### YOUR INSTRUCTIONS
Every line of the data must be retyped exactly as it stands.

### DATASET CONTENT
——

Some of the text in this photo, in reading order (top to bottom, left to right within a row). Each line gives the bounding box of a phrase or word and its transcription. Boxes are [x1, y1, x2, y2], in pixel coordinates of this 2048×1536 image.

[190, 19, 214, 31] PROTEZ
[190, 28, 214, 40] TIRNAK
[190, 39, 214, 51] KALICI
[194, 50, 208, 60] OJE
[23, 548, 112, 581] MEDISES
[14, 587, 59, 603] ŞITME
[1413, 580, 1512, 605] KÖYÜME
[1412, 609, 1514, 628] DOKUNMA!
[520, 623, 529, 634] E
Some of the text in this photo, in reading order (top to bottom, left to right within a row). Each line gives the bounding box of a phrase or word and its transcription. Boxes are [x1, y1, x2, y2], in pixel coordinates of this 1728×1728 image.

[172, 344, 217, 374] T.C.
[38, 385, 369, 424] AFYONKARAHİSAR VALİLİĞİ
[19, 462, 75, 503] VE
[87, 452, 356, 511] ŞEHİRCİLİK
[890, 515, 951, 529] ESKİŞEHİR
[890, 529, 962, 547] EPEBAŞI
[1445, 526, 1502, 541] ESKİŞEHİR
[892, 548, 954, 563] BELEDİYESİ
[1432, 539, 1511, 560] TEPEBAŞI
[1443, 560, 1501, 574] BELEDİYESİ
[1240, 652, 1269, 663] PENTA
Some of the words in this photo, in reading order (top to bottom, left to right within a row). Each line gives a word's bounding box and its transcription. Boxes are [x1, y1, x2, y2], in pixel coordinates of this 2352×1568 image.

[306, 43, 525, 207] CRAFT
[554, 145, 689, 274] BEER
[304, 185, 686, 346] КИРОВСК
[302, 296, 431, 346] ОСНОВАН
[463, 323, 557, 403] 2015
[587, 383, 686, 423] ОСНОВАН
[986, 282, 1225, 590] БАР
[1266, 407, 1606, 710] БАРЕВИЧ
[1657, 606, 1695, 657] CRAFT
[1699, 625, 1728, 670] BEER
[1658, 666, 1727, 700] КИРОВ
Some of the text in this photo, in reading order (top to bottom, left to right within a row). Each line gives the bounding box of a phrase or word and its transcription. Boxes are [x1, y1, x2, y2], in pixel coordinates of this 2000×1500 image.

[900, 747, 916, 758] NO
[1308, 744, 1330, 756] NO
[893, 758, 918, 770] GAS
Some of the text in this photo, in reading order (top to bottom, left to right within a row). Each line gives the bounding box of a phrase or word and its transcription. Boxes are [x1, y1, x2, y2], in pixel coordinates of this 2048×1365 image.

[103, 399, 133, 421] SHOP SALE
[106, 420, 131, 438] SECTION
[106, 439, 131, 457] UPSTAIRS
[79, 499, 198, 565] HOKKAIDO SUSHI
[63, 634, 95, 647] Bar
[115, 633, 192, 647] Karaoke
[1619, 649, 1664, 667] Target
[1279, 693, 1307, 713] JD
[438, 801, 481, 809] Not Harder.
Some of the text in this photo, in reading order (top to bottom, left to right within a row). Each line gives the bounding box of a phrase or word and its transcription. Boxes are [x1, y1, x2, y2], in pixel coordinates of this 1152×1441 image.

——

### REPLY
Some of the text in this photo, in reading order (top to bottom, left to right within a row). Each line gives the bounding box of a phrase or word and its transcription. Boxes are [x1, y1, x2, y2], in pixel coordinates of this 2048×1536 image.

[190, 19, 214, 31] PROTEZ
[190, 28, 214, 40] TIRNAK
[190, 39, 214, 51] KALICI
[194, 50, 208, 60] OJE
[23, 548, 112, 581] MEDISES
[14, 587, 59, 603] ŞITME
[1413, 580, 1512, 605] KÖYÜME
[1412, 609, 1514, 628] DOKUNMA!
[520, 623, 529, 634] E
Some of the text in this photo, in reading order (top to bottom, left to right within a row). Each line gives the bounding box of a phrase or word and its transcription. Boxes are [x1, y1, x2, y2], in pixel coordinates of this 1728×1728 image.

[172, 344, 217, 374] T.C.
[38, 385, 369, 424] AFYONKARAHİSAR VALİLİĞİ
[19, 462, 75, 503] VE
[87, 452, 356, 511] ŞEHİRCİLİK
[890, 515, 951, 529] ESKİŞEHİR
[890, 529, 962, 547] EPEBAŞI
[1445, 526, 1502, 541] ESKİŞEHİR
[892, 548, 954, 563] BELEDİYESİ
[1432, 539, 1511, 560] TEPEBAŞI
[1443, 560, 1501, 574] BELEDİYESİ
[1240, 652, 1269, 663] PENTA
Some of the words in this photo, in reading order (top to bottom, left to right within a row). Each line gives a word's bounding box and its transcription. Boxes are [x1, y1, x2, y2], in pixel coordinates of this 2352×1568 image.

[306, 43, 525, 207] CRAFT
[554, 145, 689, 274] BEER
[304, 185, 686, 346] КИРОВСК
[302, 296, 431, 346] ОСНОВАН
[463, 323, 557, 403] 2015
[587, 383, 686, 423] ОСНОВАН
[986, 282, 1225, 590] БАР
[1266, 407, 1606, 710] БАРЕВИЧ
[1657, 606, 1695, 657] CRAFT
[1699, 625, 1728, 670] BEER
[1658, 666, 1727, 700] КИРОВ
Some of the text in this photo, in reading order (top to bottom, left to right within a row). Each line gives the bounding box of a phrase or word and its transcription. Boxes are [x1, y1, x2, y2], in pixel coordinates of this 2000×1500 image.

[900, 747, 916, 758] NO
[1308, 744, 1330, 756] NO
[893, 758, 918, 770] GAS
Some of the text in this photo, in reading order (top to bottom, left to right within a row). Each line gives the bounding box of a phrase or word and its transcription. Boxes are [x1, y1, x2, y2], in pixel coordinates of this 2048×1365 image.

[103, 399, 133, 421] SHOP SALE
[106, 420, 131, 438] SECTION
[106, 439, 131, 457] UPSTAIRS
[79, 499, 198, 565] HOKKAIDO SUSHI
[63, 634, 95, 647] Bar
[115, 633, 192, 647] Karaoke
[1619, 649, 1664, 667] Target
[1279, 693, 1307, 713] JD
[438, 801, 481, 809] Not Harder.
Some of the text in this photo, in reading order (top to bottom, left to right within a row). Each line gives the bounding box of a phrase or word and its transcription. Boxes are [x1, y1, x2, y2], in pixel coordinates of this 1152×1441 image.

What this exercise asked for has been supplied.